Saturday, March 20, 2010

Dilatation & Curettage

She sits in her theatre gown next to a stack of gossip magazines. Her fetus is 17 weeks to date ... and 12 weeks to size. It is not small for its age – it has died. Five weeks ago. The lady smiles at me as I bring over the cannulation tray, looks away and grimaces as I insert the needle and thread the cannula into a vein in her hand. Looks down as a drop of blood escapes and drips onto her white hospital-supplied dressing gown, smiles through my apology and tells me not to worry about it.

I wonder how long she’s known. Apparently she’s had no symptoms of miscarriage – no pain, no bleeding. Did she feel any different? Did something happen five weeks ago? I wonder what her story is, but this is not the time or place to ask.
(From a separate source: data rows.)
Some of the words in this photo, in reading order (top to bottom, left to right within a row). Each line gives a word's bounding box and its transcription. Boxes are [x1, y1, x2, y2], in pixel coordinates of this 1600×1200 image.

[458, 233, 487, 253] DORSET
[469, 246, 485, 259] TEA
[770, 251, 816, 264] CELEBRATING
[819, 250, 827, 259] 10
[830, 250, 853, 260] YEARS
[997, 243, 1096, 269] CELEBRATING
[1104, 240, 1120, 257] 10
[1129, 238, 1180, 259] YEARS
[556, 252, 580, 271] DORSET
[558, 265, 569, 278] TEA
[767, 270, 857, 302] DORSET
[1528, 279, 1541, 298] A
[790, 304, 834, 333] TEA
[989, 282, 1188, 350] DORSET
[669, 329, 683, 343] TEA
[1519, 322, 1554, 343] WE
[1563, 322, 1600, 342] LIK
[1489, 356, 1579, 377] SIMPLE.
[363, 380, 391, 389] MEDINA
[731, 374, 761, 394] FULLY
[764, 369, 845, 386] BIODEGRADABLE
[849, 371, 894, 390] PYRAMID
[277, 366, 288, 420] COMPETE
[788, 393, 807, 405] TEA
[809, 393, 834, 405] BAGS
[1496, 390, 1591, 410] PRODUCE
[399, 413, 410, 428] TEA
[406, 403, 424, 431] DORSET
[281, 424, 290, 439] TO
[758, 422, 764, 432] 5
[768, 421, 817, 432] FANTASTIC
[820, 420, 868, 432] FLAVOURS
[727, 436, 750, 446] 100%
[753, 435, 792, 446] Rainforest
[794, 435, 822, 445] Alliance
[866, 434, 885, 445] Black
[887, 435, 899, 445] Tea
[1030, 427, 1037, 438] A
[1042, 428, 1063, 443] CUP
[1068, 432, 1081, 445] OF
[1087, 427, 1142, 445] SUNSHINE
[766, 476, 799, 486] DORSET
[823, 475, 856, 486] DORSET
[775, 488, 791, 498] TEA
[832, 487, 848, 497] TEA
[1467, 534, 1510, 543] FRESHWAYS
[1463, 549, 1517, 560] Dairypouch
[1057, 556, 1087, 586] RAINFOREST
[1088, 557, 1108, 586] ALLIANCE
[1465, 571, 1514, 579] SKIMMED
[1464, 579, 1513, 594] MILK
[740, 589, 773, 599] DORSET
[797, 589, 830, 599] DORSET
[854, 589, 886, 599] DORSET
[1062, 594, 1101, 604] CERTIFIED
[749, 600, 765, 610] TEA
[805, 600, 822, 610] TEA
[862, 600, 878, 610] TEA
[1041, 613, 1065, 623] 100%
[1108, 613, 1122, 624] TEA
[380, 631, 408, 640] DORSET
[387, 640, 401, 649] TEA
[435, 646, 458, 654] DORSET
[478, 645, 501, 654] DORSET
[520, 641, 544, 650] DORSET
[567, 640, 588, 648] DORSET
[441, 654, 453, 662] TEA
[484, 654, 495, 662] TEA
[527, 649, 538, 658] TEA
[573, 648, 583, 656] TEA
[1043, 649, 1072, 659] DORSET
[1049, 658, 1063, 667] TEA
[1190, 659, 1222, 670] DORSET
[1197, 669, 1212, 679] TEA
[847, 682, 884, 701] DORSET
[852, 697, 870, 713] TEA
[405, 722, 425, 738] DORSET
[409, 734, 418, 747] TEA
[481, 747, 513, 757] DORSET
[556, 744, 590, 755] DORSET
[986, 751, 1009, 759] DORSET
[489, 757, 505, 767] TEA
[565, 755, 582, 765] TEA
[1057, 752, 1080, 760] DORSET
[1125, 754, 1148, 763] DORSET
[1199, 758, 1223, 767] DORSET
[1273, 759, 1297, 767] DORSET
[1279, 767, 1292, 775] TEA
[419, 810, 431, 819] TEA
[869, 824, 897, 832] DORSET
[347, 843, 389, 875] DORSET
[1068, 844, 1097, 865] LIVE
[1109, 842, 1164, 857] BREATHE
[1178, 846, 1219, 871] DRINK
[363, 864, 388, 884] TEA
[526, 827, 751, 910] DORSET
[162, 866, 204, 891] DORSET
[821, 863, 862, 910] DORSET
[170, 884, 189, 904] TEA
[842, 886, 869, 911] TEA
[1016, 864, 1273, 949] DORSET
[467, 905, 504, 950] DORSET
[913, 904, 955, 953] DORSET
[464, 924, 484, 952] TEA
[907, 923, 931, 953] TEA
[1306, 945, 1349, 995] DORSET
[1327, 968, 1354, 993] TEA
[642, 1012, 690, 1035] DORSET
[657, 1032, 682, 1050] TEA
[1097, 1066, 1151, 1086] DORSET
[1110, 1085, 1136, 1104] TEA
The nurse leads her into theatre, and she calmly greets the team and goes through the paperwork. She succumbs to the anaesthetic easily and without a hitch. I manage her airway, insert the laryngeal mask and ventilate her until her lungs remember what to do. It doesn’t take long.

The Obs & Gynae registrar gets to work on the “D&C” (dilatation and curettage). Immediately when she inserts the speculum, the whole theatre is overcome with the horrible smell. Even the theatre nurses, who are usually immune to bad smells, have to cover their noses. It is not death: it is decay. I am glad to be helping the anaesthetist as we get to stay at the lady’s head – the registrar must grit her teeth and complete the operation. Suction loosens the placenta and begins to dismantle the decayed fetus. The curette drags out tiny body parts – we recognise a foot, a head. The registrar finishes as quickly as she can, tidying up the uterus with more suction. The lady is at high risk of sepsis, so the anaesthetist hurriedly administers IV antibiotics, and they organise a script for her to take home as a precaution.

The operation finishes, anaesthetic is stopped, and she wakes up smoothly with tears in her eyes.

She is still crying when I see her later in Recovery.
Maybe she knew all along, but now it is real.

1 comment:

puddle said...

i found generally O&G to be a happy place with babies and happy mums and dads on the whole. but when its sad, it's real sad.